Declare the expected output structure using ruby_llm-schema DSL. The schema serves two purposes:
- Output validation — replaces type and shape checks (enums, ranges, required fields). One declaration instead of many.
- Provider-side request — with the RubyLLM adapter, the schema is sent to the LLM provider via
chat.with_schema(...), asking the model to return JSON matching the shape. Cheaper models sometimes ignore the request, which is why client-side validation (point 1) still matters.
All examples below extend the SummarizeArticle step from the README.
# WITHOUT schema — many validates:
validate("tldr must be a string") { |o| o[:tldr].is_a?(String) }
validate("takeaways must be an array") { |o| o[:takeaways].is_a?(Array) }
validate("takeaways 3 to 5") { |o| (3..5).cover?(o[:takeaways].size) }
validate("tone must be an allowed label") { |o| %w[neutral positive negative analytical].include?(o[:tone]) }
# WITH schema — one declaration:
output_schema do
string :tldr
array :takeaways, of: :string, min_items: 3, max_items: 5
string :tone, enum: %w[neutral positive negative analytical]
endUse object do...end inside array when you need more than a primitive per element. Concrete scenario: the UI card grows a "confidence bar" next to each takeaway so editors can see which points the model was sure about vs guessing. That requires confidence paired with text, not two parallel arrays that could desync. Nested objects make the pairing a schema invariant:
output_schema do
string :tldr
array :takeaways, min_items: 3, max_items: 5 do
object do
string :text
number :confidence, minimum: 0.0, maximum: 1.0
end
end
string :tone, enum: %w[neutral positive negative analytical]
end| Your output looks like | Schema pattern | Example |
|---|---|---|
{"tldr": "...", "tone": "positive"} |
Flat fields | string :tldr; string :tone, enum: [...] |
{"takeaways": ["...", "..."]} |
Array of primitives | array :takeaways, of: :string, min_items: 3, max_items: 5 |
{"takeaways": [{"text": "...", "confidence": 0.9}]} |
Array of objects | array :takeaways do; object do; string :text; number :confidence; end; end |
Without object do...end, array :takeaways do; string :text; end tells the provider "takeaways is an array of strings" — not objects. That's what you get back.

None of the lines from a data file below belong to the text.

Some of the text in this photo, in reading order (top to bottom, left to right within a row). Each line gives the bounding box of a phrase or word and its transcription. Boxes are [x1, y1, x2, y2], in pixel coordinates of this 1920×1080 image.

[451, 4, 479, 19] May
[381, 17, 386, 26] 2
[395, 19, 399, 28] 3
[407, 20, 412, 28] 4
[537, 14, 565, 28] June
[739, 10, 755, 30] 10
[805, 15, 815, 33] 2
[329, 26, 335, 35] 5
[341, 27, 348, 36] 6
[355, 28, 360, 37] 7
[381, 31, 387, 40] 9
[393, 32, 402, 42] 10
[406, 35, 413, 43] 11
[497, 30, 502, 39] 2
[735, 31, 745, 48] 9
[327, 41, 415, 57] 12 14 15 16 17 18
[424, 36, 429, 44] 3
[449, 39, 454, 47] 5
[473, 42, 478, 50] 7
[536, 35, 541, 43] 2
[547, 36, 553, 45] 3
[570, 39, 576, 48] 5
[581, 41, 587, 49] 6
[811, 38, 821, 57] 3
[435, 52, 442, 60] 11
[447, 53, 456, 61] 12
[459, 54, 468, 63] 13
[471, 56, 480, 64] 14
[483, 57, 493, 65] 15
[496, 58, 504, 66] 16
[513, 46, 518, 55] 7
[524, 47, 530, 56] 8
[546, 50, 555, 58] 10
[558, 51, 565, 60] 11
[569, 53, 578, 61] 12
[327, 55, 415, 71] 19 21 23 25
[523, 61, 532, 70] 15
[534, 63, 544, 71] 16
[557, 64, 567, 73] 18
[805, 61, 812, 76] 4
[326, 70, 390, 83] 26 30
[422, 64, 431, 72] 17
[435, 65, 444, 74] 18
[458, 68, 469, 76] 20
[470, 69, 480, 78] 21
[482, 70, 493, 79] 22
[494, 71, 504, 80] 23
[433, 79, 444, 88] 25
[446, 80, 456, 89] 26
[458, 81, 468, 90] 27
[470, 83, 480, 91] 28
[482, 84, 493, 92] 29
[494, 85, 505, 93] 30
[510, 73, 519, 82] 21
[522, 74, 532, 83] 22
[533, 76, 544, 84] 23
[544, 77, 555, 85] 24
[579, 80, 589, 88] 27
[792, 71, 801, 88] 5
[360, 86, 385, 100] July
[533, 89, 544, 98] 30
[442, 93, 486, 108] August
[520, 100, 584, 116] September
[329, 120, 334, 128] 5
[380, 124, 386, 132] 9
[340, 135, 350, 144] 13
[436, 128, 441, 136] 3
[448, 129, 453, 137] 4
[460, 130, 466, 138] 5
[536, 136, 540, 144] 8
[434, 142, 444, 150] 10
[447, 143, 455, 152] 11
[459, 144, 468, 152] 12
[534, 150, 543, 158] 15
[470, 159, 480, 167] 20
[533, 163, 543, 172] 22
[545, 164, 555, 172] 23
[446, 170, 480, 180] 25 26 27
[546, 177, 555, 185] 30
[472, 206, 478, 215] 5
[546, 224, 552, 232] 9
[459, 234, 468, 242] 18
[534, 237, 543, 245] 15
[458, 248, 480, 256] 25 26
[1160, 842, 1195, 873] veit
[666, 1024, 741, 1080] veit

Schema validates shape — correct types, allowed values, field presence. But LLMs can return structurally valid JSON that is logically wrong. Validates catch what schema can't:
output_schema do
string :tldr
array :takeaways, of: :string, min_items: 3, max_items: 5
string :tone, enum: %w[neutral positive negative analytical]
end
# Schema allows any string for :tldr — but a 500-char "summary" breaks the UI card.
validate("TL;DR fits the card") { |o, _| o[:tldr].length <= 200 }
# Schema enforces 3–5 takeaways — but says nothing about them being distinct.

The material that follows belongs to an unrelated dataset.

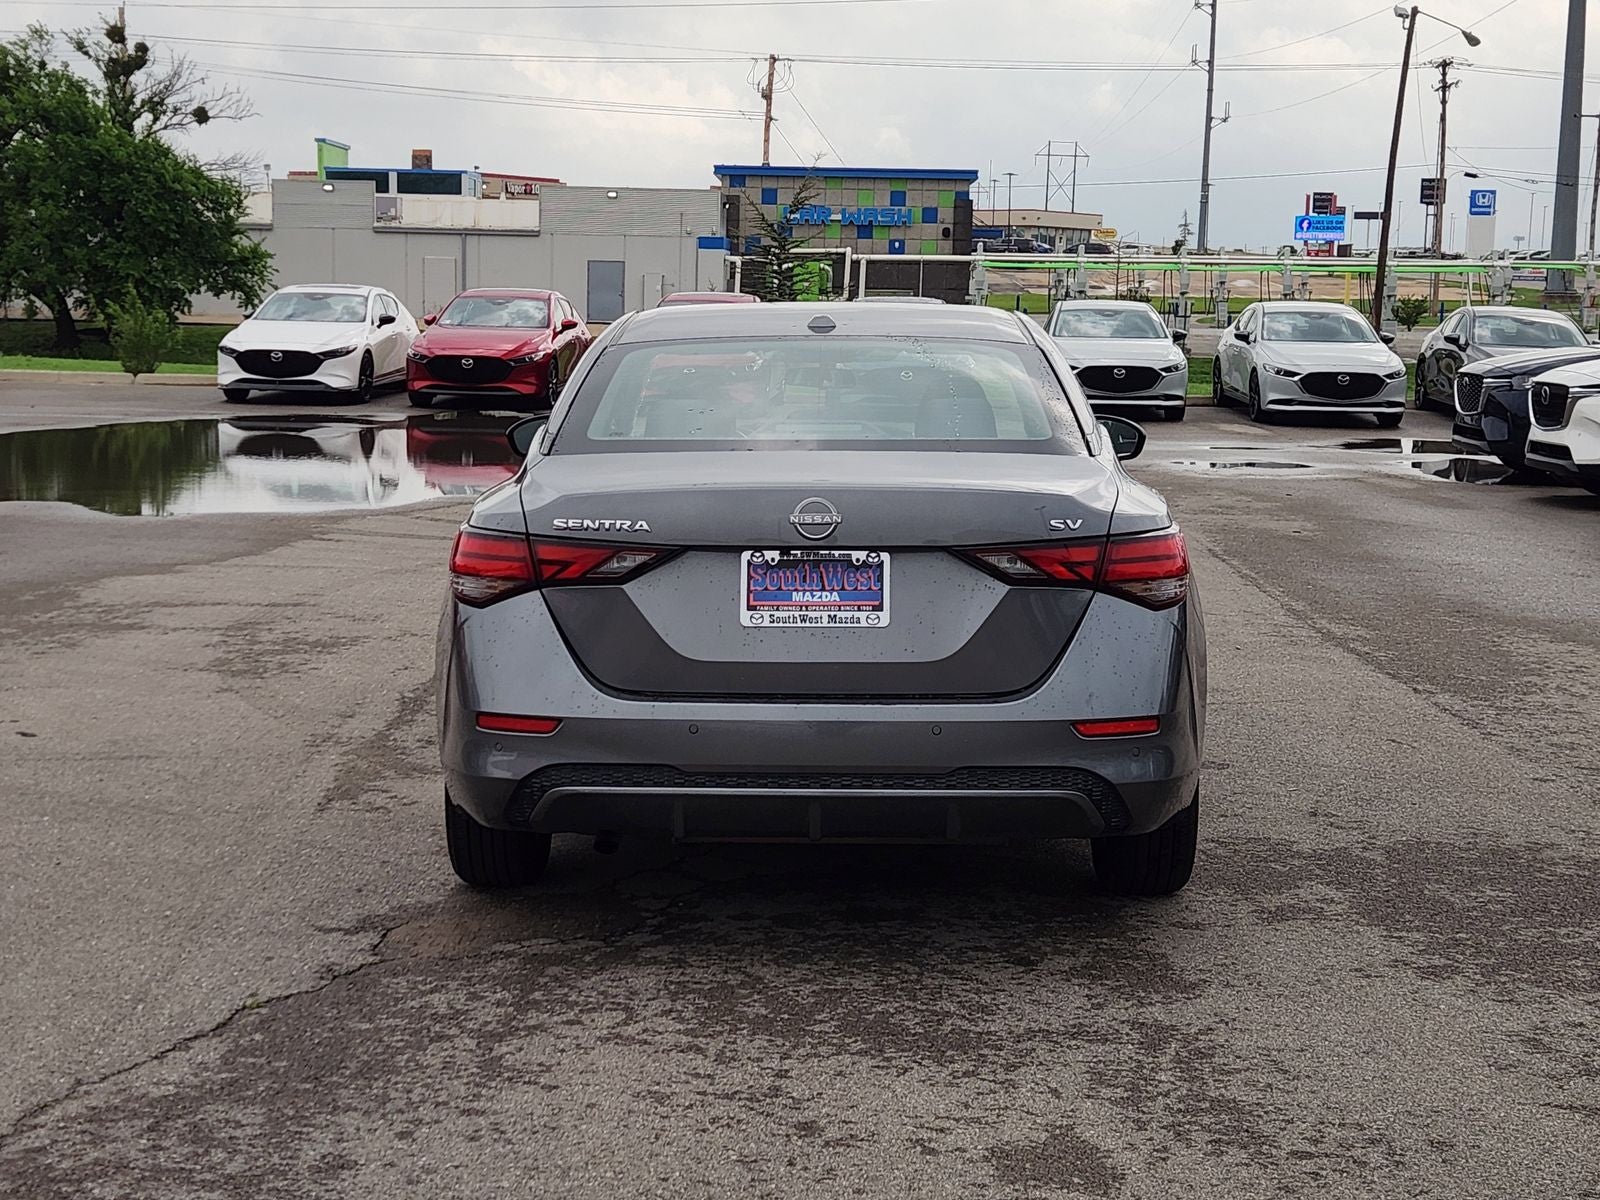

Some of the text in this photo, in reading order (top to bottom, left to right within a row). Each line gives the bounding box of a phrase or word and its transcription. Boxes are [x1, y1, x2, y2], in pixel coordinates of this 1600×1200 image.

validate("takeaways are unique") { |o, _| o[:takeaways].uniq.size == o[:takeaways].size }
# Schema can't express cross-field rules.
validate("critical tone requires at least one concrete risk") do |o, _|
next true unless o[:tone] == "negative"
o[:takeaways].any? { |t| t.match?(/fail|break|crash|outage|vulnerab/i) }
end| Constraint | Types | Example |
|---|---|---|
enum |
string, integer | string :tone, enum: %w[neutral positive negative analytical] |
minimum / maximum |
number, integer | number :confidence, minimum: 0.0, maximum: 1.0 |
min_length / max_length |
string | string :tldr, min_length: 1, max_length: 200 |
min_items / max_items |
array | array :takeaways, of: :string, min_items: 3, max_items: 5 |
additional_properties |
object | Set to false in the schema to reject extra keys |
Keyword args use Ruby snake_case (min_length, min_items). The DSL converts them internally to JSON Schema's camelCase (minLength, minItems) before sending the schema to the provider — you don't need to write camelCase in Ruby.